個別立会い火葬は人間の葬儀に近い形式で、最後のお別れからお骨上げまで飼い主が見届けることができます。費用は高くなりますが、きちんと送りたいという気持ちに応えてくれるプランです。

体重別の火葬費用

ペットの火葬費用は体重によって変動します。体重が重いほど火葬に時間がかかり、燃料費が増えるためです。

体重対象の目安合同火葬個別一任個別立会い
〜1kgハムスター、小鳥5,000〜8,000円10,000〜15,000円15,000〜20,000円
1〜5kg猫、超小型犬8,000〜15,000円15,000〜25,000円20,000〜35,000円
5〜10kg小型犬12,000〜18,000円20,000〜30,000円25,000〜40,000円
10〜20kg中型犬15,000〜22,000円25,000〜35,000円30,000〜50,000円
20〜40kg大型犬20,000〜30,000円30,000〜45,000円40,000〜60,000円
40kg〜超大型犬25,000〜40,000円40,000〜60,000円50,000〜80,000円

上記はあくまで目安で、地域や業者によって差があります。都市部は地方と比べて費用がやや高い傾向にあり、出張火葬(火葬車)の場合は出張料が別途かかることもあります。

葬儀のオプション費用

火葬だけでなく、葬儀としてのセレモニーを希望する場合は追加の費用がかかります。

オプション費用の目安
セレモニー(お別れの儀式)5,000〜20,000円
骨壺2,000〜15,000円
メモリアルグッズ(位牌、写真立て等)3,000〜30,000円
納骨堂への納骨年間5,000〜30,000円
樹木葬・散骨10,000〜50,000円

骨壺は素材やデザインによって価格が大きく変わります。シンプルな白磁の骨壺なら2,000〜3,000円程度ですが、名入れのオーダーメイドや高級素材のものは10,000円を超えることもあります。

自治体での引き取りという選択肢

費用を抑えたい場合は、自治体の清掃事務所に引き取りを依頼する方法もあります。費用は自治体によって異なりますが、数千円程度で対応してもらえるケースが多いでしょう。

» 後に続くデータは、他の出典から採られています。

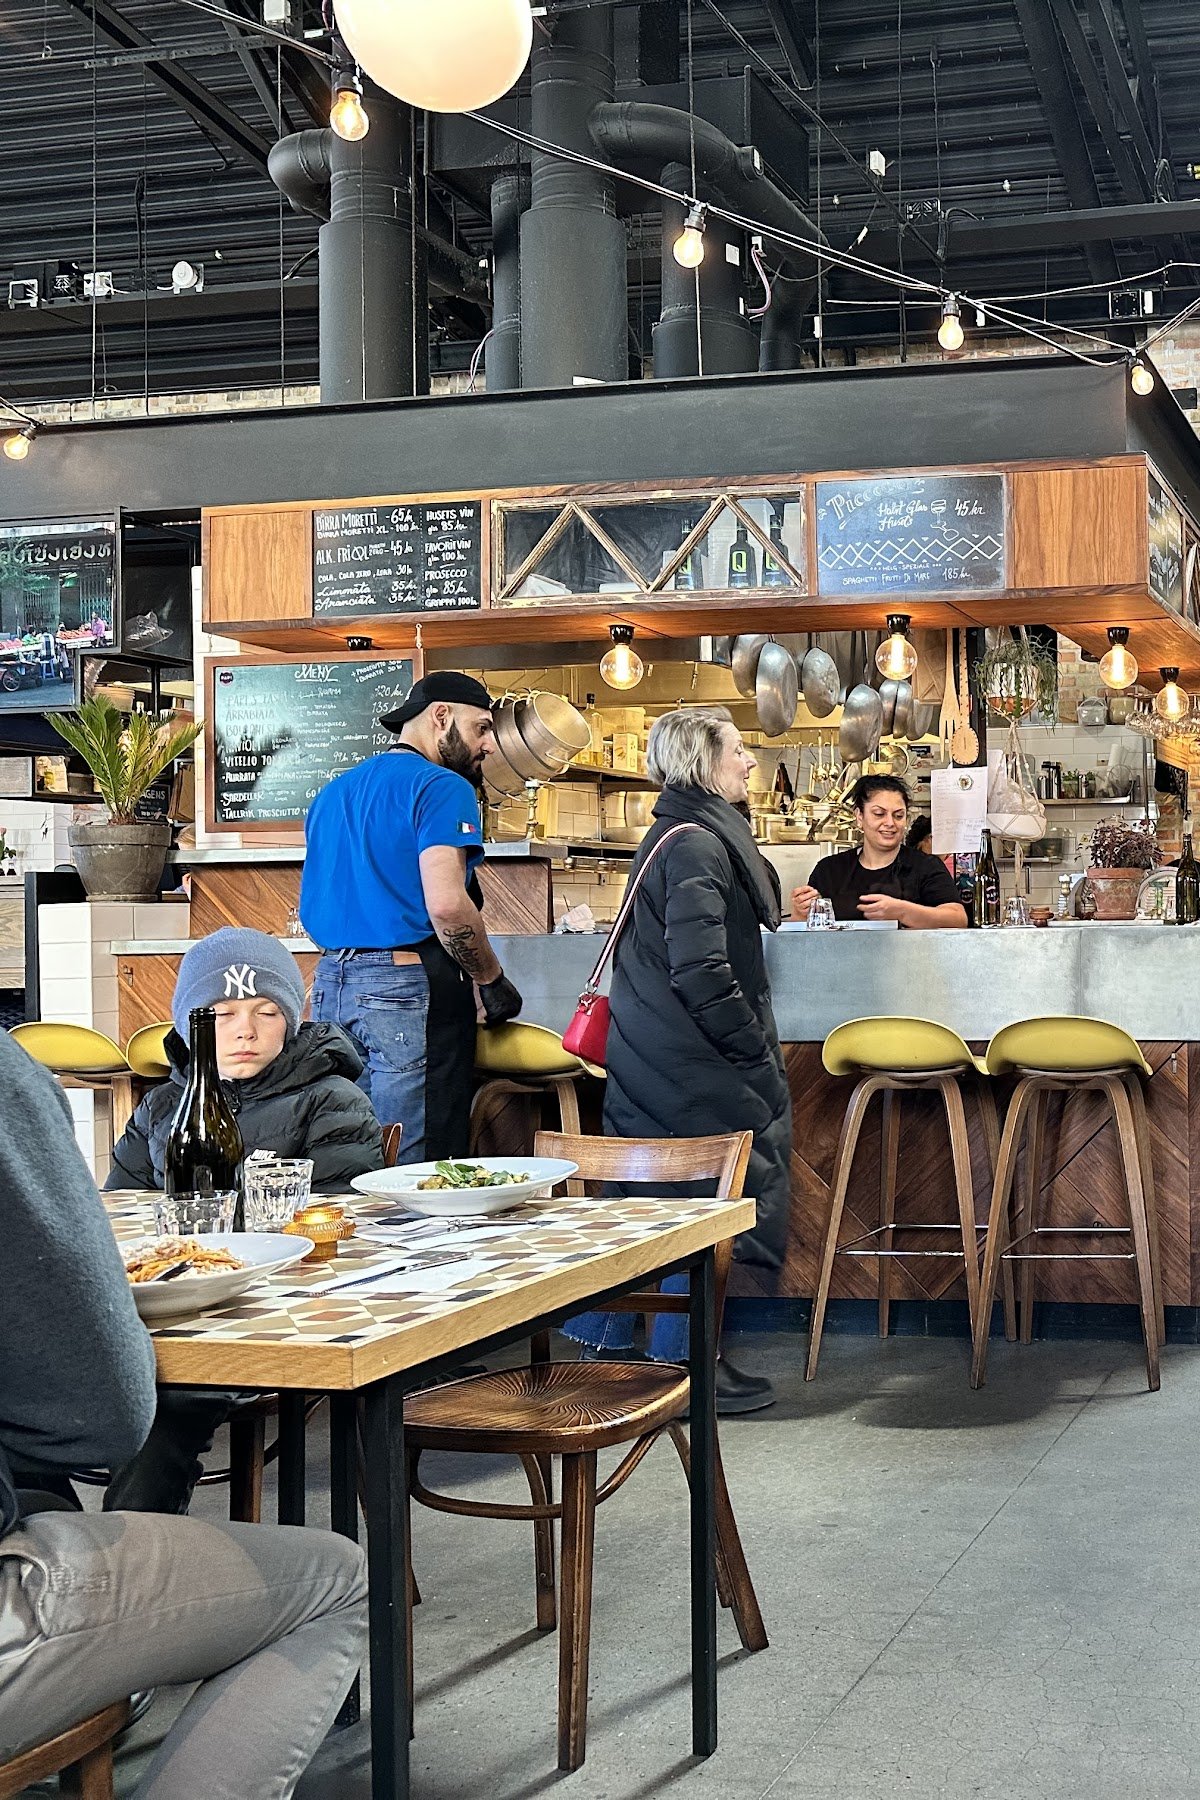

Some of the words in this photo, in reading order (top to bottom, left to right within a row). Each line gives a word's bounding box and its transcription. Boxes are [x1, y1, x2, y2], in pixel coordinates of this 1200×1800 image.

[954, 499, 969, 516] 45
[426, 509, 457, 521] HUSETS
[375, 525, 389, 534] XL
[441, 520, 454, 531] 85
[441, 552, 456, 561] 100
[732, 551, 747, 572] Q
[425, 568, 467, 581] PROSECCO
[842, 576, 877, 585] SPAGHETTI
[881, 573, 901, 585] FRUTTI
[914, 572, 930, 584] MARE
[942, 567, 959, 581] 185
[391, 581, 405, 592] 35
[443, 580, 457, 594] 85
[388, 592, 404, 604] 35
[294, 664, 339, 682] MENY
[372, 700, 389, 713] 135
[372, 733, 387, 746] 150
[140, 789, 166, 800] AGENS
[305, 788, 316, 799] 60
[223, 963, 258, 999] NY
[250, 1149, 277, 1160] NIKE

ただし、自治体による処理は「廃棄物」としての扱いになることがほとんどで、個別に火葬されたりお骨が返却されたりすることはありません。ペットとの最後のお別れを大切にしたい方にとっては、民間の火葬業者を選ぶ方が気持ちの面で納得しやすいかもしれません。

悪質業者を避けるためのチェックポイント

ペットの火葬業界は参入障壁が低いため、残念ながら悪質な業者も存在します。悲しみの中で判断を急かされると冷静な選択ができなくなるため、事前に信頼できる業者を見つけておくことが重要です。

料金が極端に安い業者や、電話で具体的な料金を教えてくれない業者は注意が必要です。当日になって高額なオプションを勧められたり、最初に聞いていた金額と請求額が異なったりするトラブルが報告されています。

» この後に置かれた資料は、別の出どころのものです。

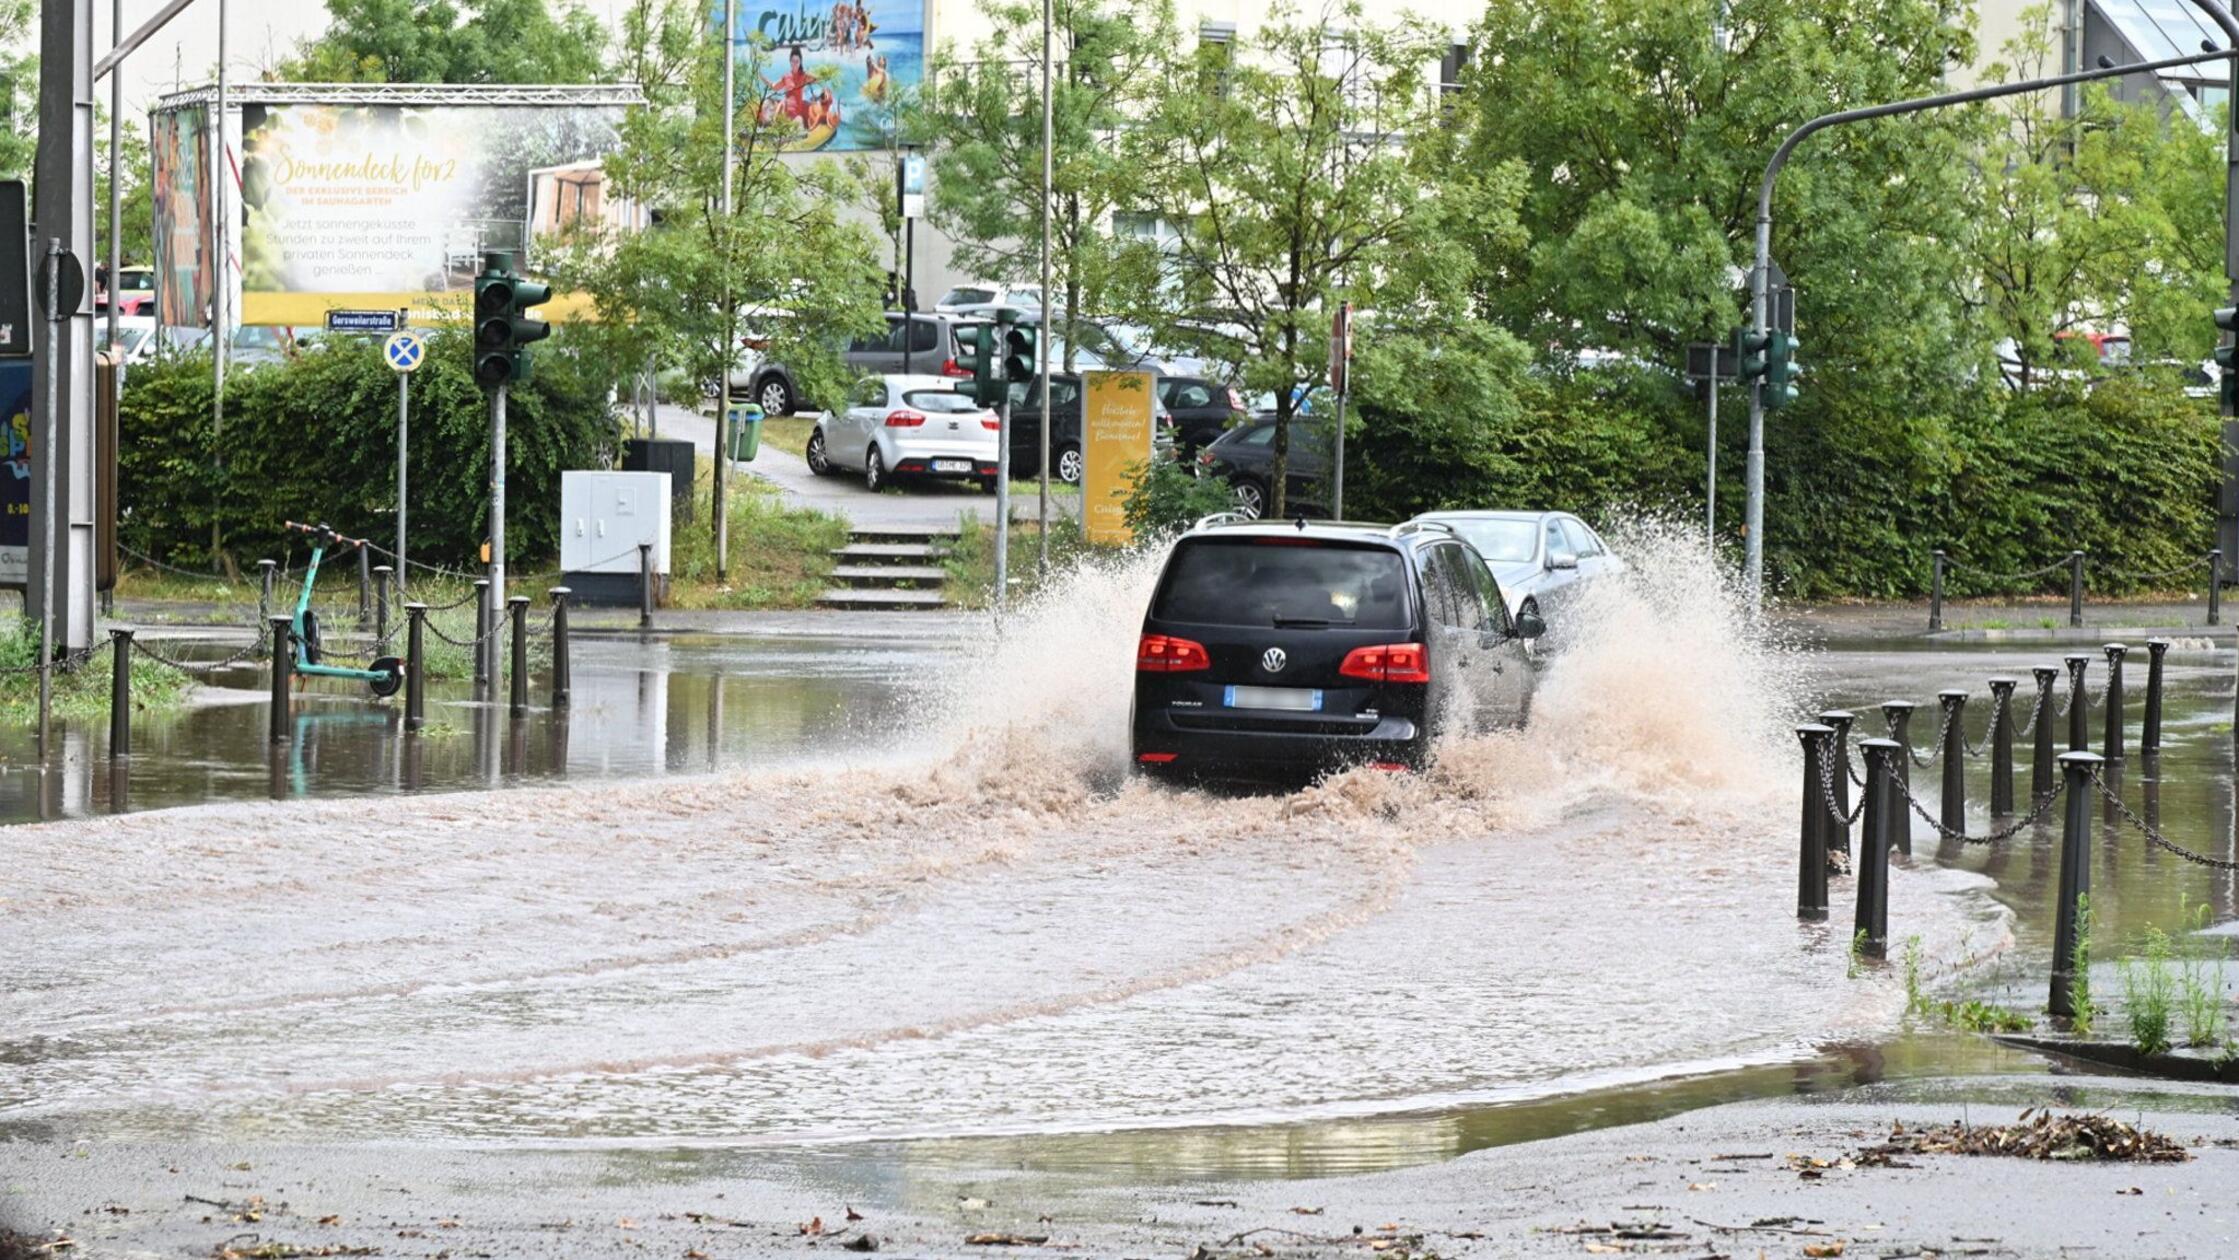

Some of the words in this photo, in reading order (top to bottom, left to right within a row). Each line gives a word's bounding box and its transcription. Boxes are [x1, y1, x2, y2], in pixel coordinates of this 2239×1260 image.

[274, 144, 410, 185] Sonnendeck
[908, 163, 921, 188] P
[286, 187, 306, 195] DER
[308, 187, 363, 195] EXKLUSIVE
[366, 187, 408, 195] BEREICH
[282, 219, 312, 230] Jetzt
[266, 233, 317, 245] Stunden
[320, 236, 335, 245] zu
[338, 234, 369, 245] zweit
[372, 233, 393, 245] auf
[396, 233, 432, 245] Ihrem
[283, 249, 335, 264] privaten
[338, 249, 414, 261] Sonnendeck
[312, 263, 373, 277] genießen
[331, 314, 393, 327] Gersweilerstraße

確認しておきたい点として、ペット葬儀の業界団体に加盟しているかどうかがあります。すべての優良業者が加盟しているわけではありませんが、団体の審査基準をクリアしていることは一定の安心材料になるでしょう。口コミサイトや知人からの紹介も参考にしつつ、複数の業者から見積もりを取って比較することをおすすめします。

まとめ

ペットの火葬費用は、火葬の種類と体重によって8,000円〜80,000円と幅があります。合同火葬は費用を抑えられますがお骨は返却されず、個別立会い火葬はしっかりお別れできる分、費用は高くなります。元気なうちに業者を調べておくことで、いざというときに冷静な判断ができるようになるはずです。